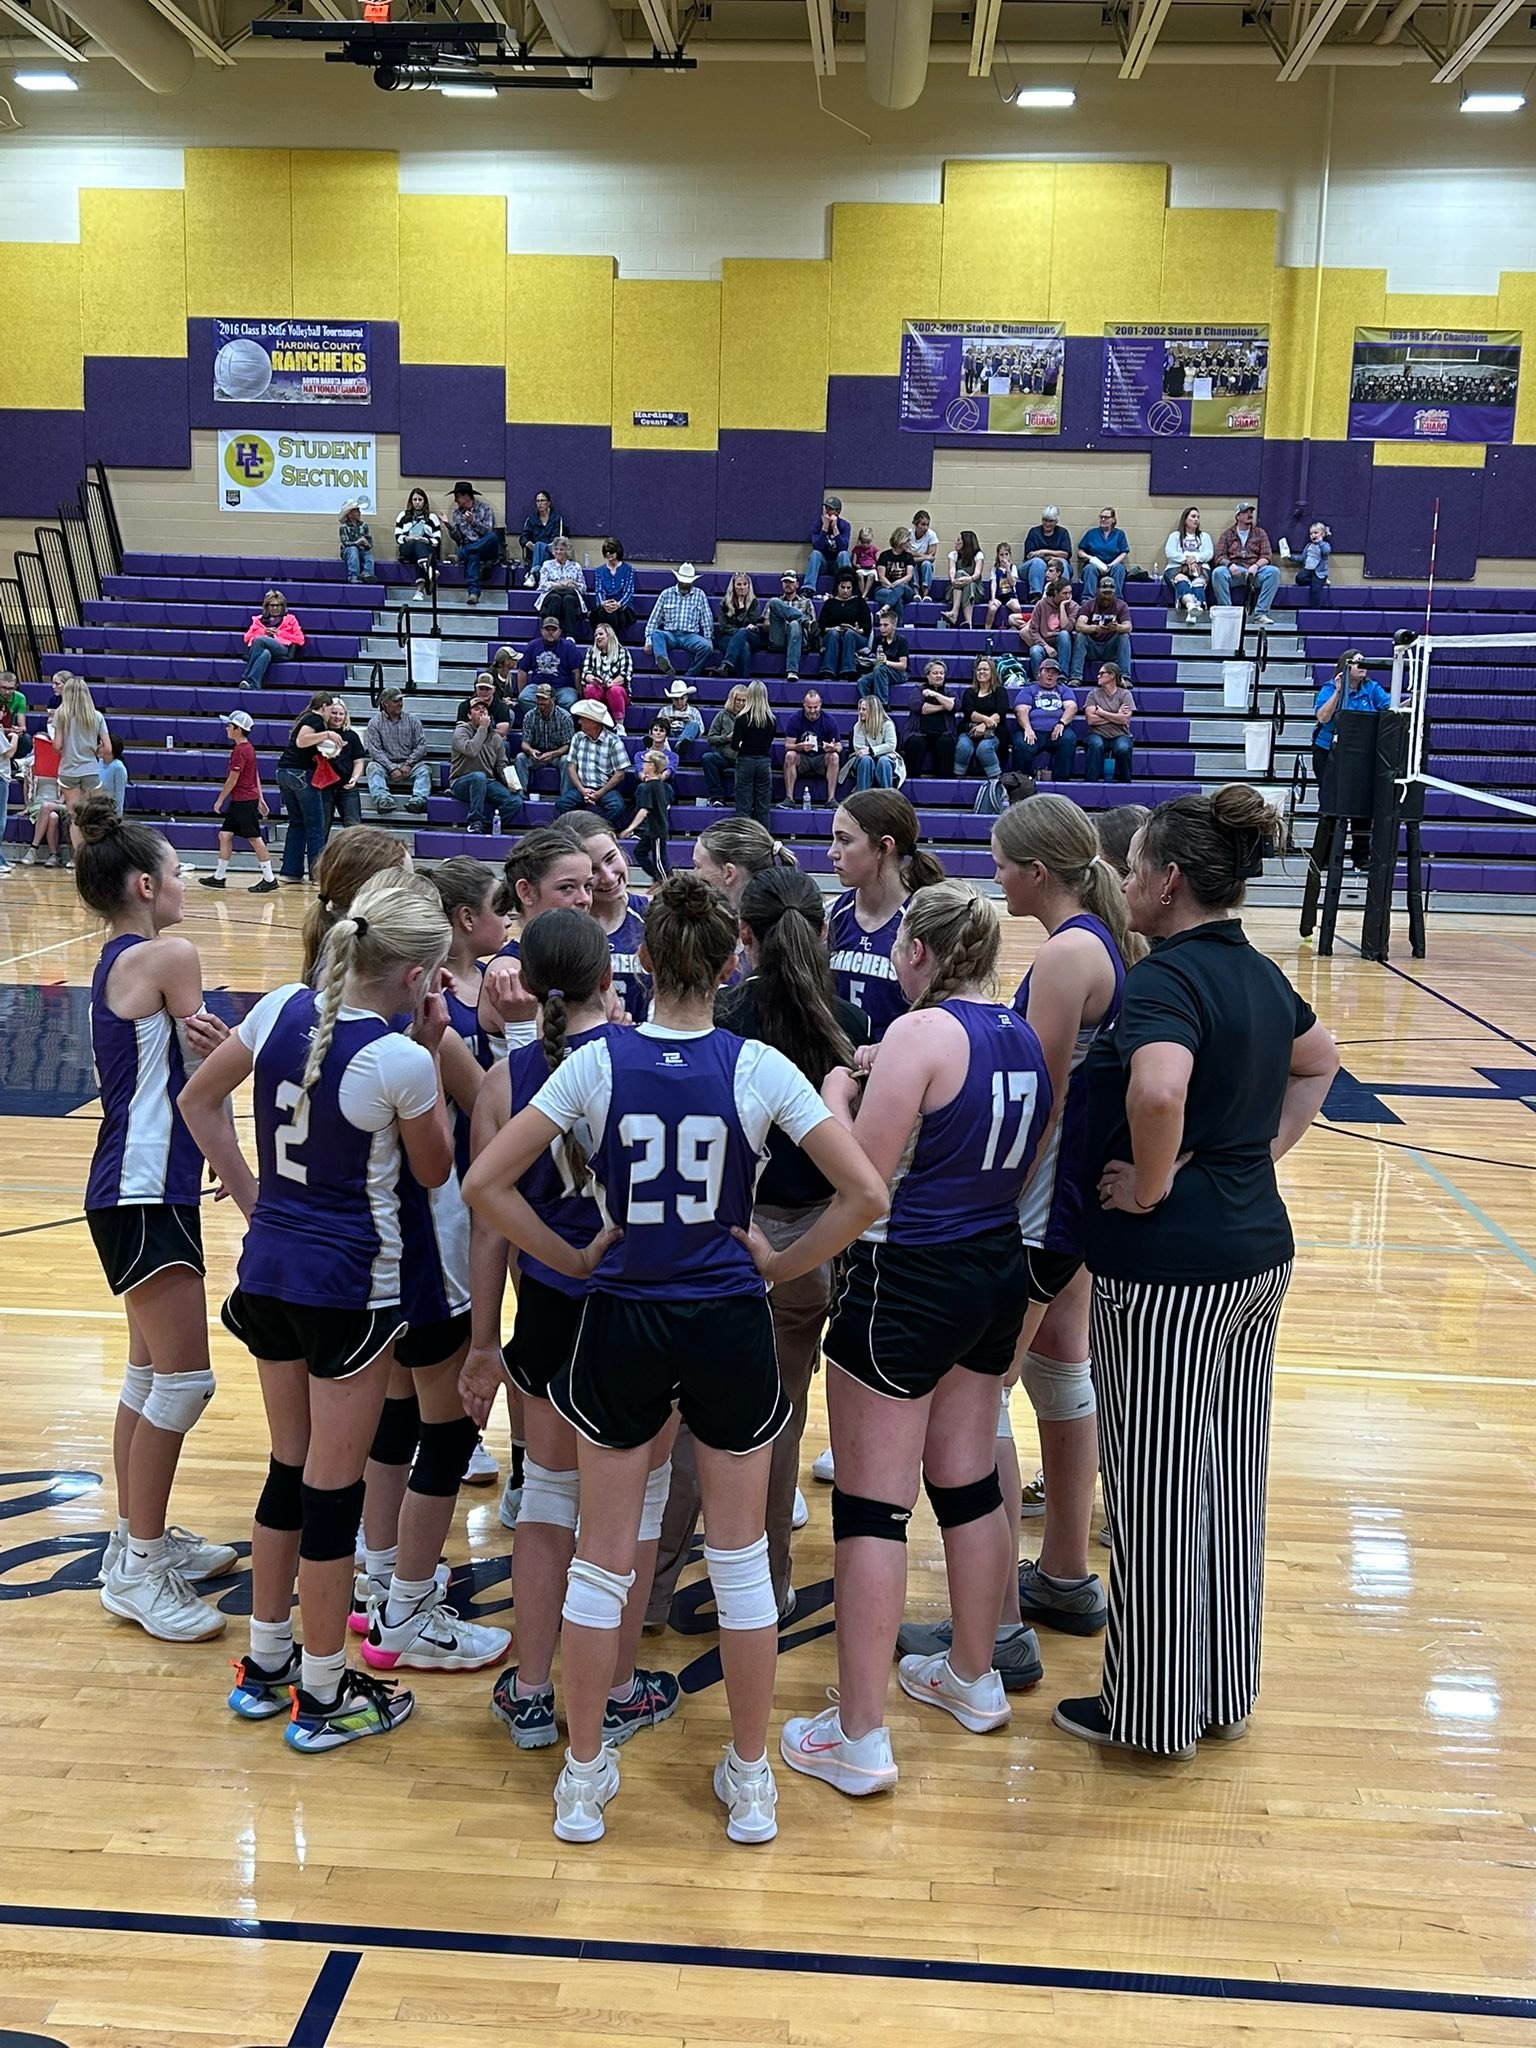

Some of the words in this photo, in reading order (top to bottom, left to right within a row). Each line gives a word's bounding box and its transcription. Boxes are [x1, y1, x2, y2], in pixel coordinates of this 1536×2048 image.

[219, 323, 240, 335] 2016
[241, 323, 260, 336] Class
[261, 323, 267, 336] B
[268, 323, 287, 336] State
[287, 324, 321, 338] Volleyball
[322, 325, 364, 338] Tournament
[912, 322, 965, 333] 2002-2003
[966, 323, 992, 334] State
[1002, 324, 1056, 335] Champions
[1115, 326, 1166, 336] 2001-2002
[1167, 326, 1194, 336] State
[1203, 326, 1259, 337] Champions
[1421, 331, 1442, 341] State
[1443, 332, 1489, 342] Champions
[271, 351, 366, 372] RANCHERS
[303, 385, 339, 394] NATIONAL
[341, 385, 367, 395] GUARD
[278, 436, 371, 460] STUDENT
[236, 442, 264, 478] HC
[281, 465, 368, 488] SECTION
[859, 936, 872, 951] HC
[980, 1071, 1038, 1171] 17
[274, 1079, 311, 1186] 2
[618, 1113, 729, 1225] 29
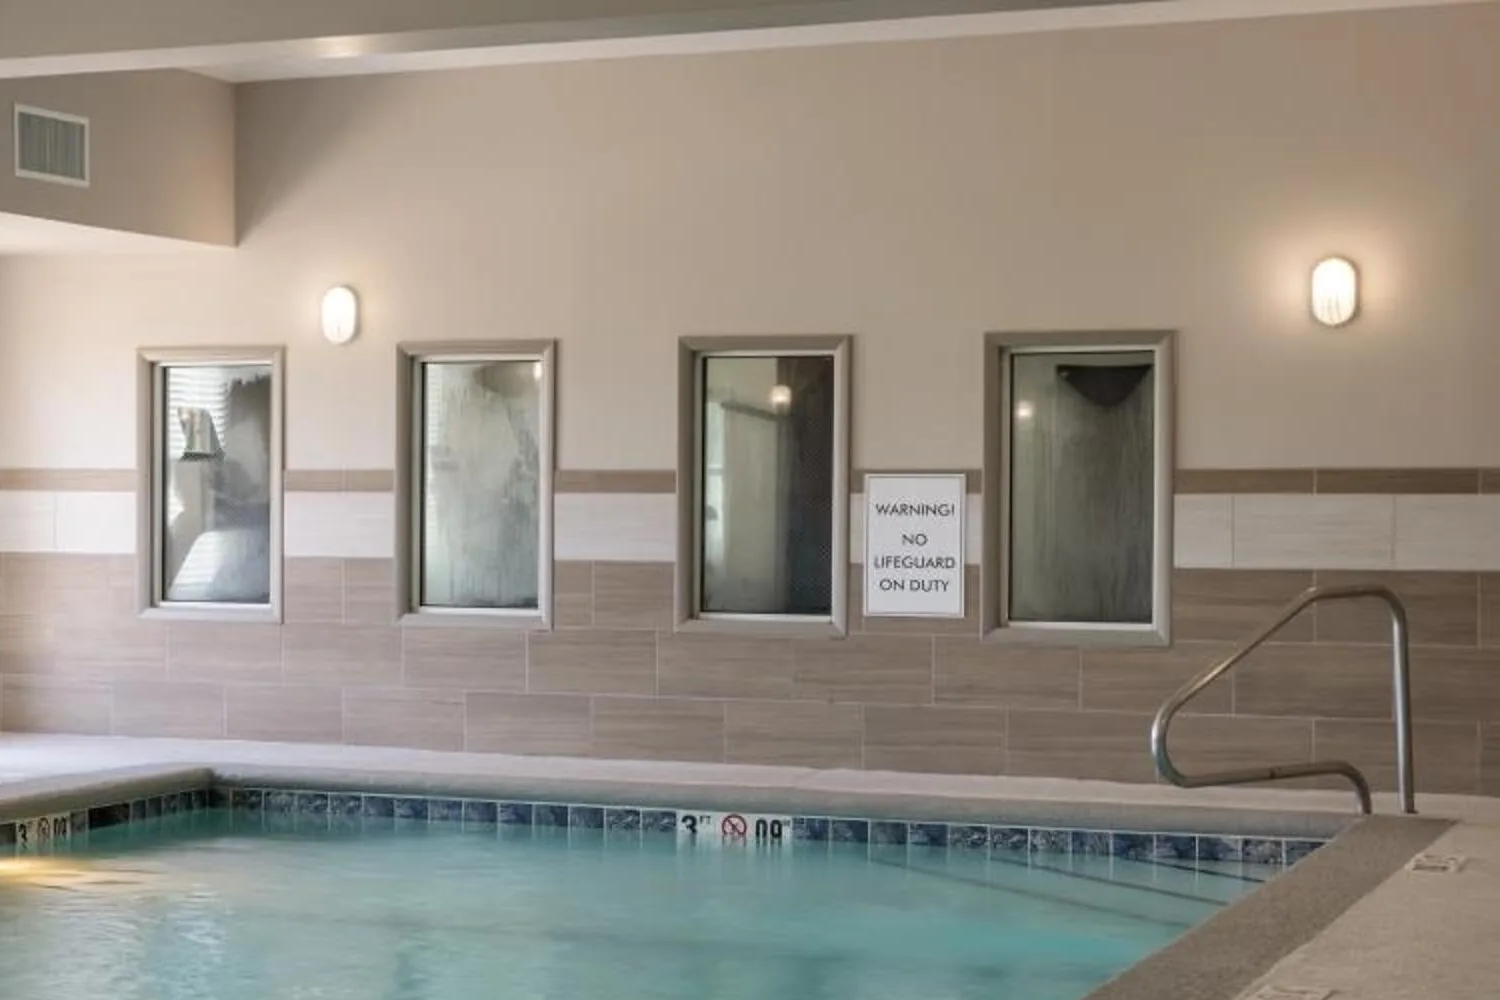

....

BRIEF >>
Without the pictures, write out the listing exactly as it appears above.

ANSWER BOX >>
Some of the words in this photo, in reading order (top to bottom, left to right within a row). Each line gives a word's bounding box and its transcription. Boxes are [x1, y1, x2, y2], in pixel coordinates of this 1536×2048 image.

[219, 323, 240, 335] 2016
[241, 323, 260, 336] Class
[261, 323, 267, 336] B
[268, 323, 287, 336] State
[287, 324, 321, 338] Volleyball
[322, 325, 364, 338] Tournament
[912, 322, 965, 333] 2002-2003
[966, 323, 992, 334] State
[1002, 324, 1056, 335] Champions
[1115, 326, 1166, 336] 2001-2002
[1167, 326, 1194, 336] State
[1203, 326, 1259, 337] Champions
[1421, 331, 1442, 341] State
[1443, 332, 1489, 342] Champions
[271, 351, 366, 372] RANCHERS
[303, 385, 339, 394] NATIONAL
[341, 385, 367, 395] GUARD
[278, 436, 371, 460] STUDENT
[236, 442, 264, 478] HC
[281, 465, 368, 488] SECTION
[859, 936, 872, 951] HC
[980, 1071, 1038, 1171] 17
[274, 1079, 311, 1186] 2
[618, 1113, 729, 1225] 29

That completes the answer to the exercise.